Wednesday, March 21, 2012

Answers -- Anonymous

Another question came in a comment to my St. Patrick's Day post. Feel free to ask questions of me, it keeps my thoughts going. The writing subjects seem to be non-existent in my mind lately other than to say again Alex is doing well, Mom and Dad are doing well and that there is life after addiction.

Anonymous ask: In a previous post you mentioned that you didn't do the 'god thing'. It seems obvious that you found support from your blog, but I'm curious about Alex. Did he follow a 12 step program that asks you to believe in a higher power? Does he currently participate in a recovery program, have a sponsor, go to meetings, etc? My own son does not like the traditional AA route and believes he can succeed in recovery without that -- that's why I'm curious what helped your son.

This is a difficult question to answer. I learned a while ago that his recovery was his to manage. The more involved in his recovery I got the more I screwed up everyone.

To provide context to my answer I must give you some important background.  When we were new to this and he had been to rehab we reminded him to go to meetings, we drove him to meetings and we went to meetings and we kept track and counted how many meetings he attended. This was us trying to force our idea of recovery on him. I even regularly told him I didn’t think he was serious unless he was attending meetings and working an “active” recovery program. Of course by active I meant one that I could monitor and observe. I was all about controlling this disease and forcing it out of my son.
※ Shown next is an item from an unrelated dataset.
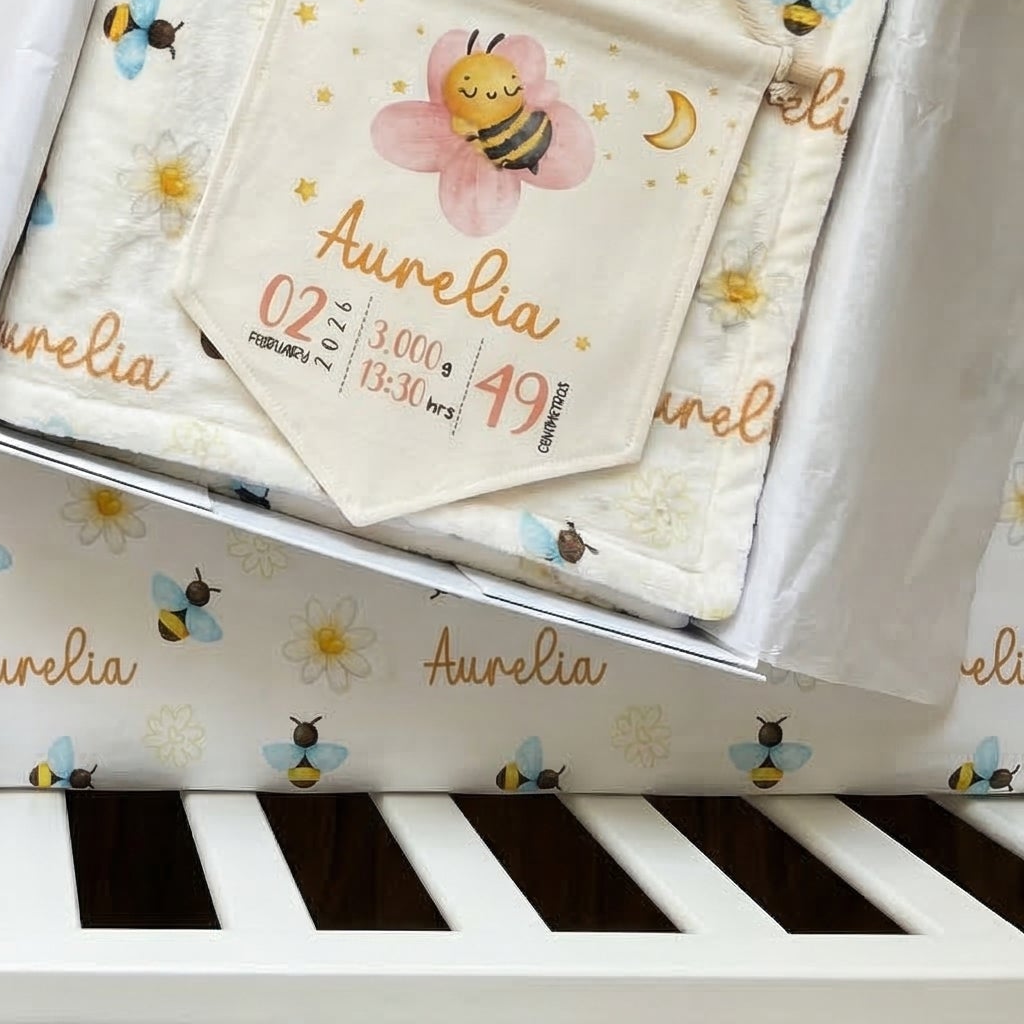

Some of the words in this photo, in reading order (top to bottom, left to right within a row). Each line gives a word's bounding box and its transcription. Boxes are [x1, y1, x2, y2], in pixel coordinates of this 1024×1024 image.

Not until I gave up trying to control him and his addiction could he take control in whatever manner he chose.

The difficult part of this question is for me to try and speak for my son. I really don’t know what he does to manage his recovery. I don’t know about his belief in a higher power. I don’t know of a sponsor in his life. Truthfully, I don’t ask these questions of him and he doesn’t ask about my recovery.

I can tell you what I observe. I know he has a girlfriend that he loves and she loves him. I know he loves her daughters. I know he loves his son and he is a good father. I know he is not perfect but he now works on living a life of honor as he was raised. I use the phrase, ”I know” because from his observable behaviors and words, these things are self evident.

NA and 12 Step programs have saved the lives of millions of people across the globe. There are spin-off programs in church’s called Celebrate Recovery, there are partner programs like Nar-Anon. I believe these programs are wonderful. In truth, when someone comes to me for help, either parent, addict or loved one the first resource I mention is NA and Nar-Anon. I have tremendous respect and admiration for these programs and the people they have helped. However, one size shoe does not fit everyone.

Your son must find the shoe that fits. I really don’t know what my son does to keep from using again. It is his process to manage. The most you can do at this point is to provide a model for your son. Seek what works for you and work it. When you are healthy his methods will make more sense to you. And, if he relapses, you will still be healthy and be in a much better position to help him when he needs help and encouragement.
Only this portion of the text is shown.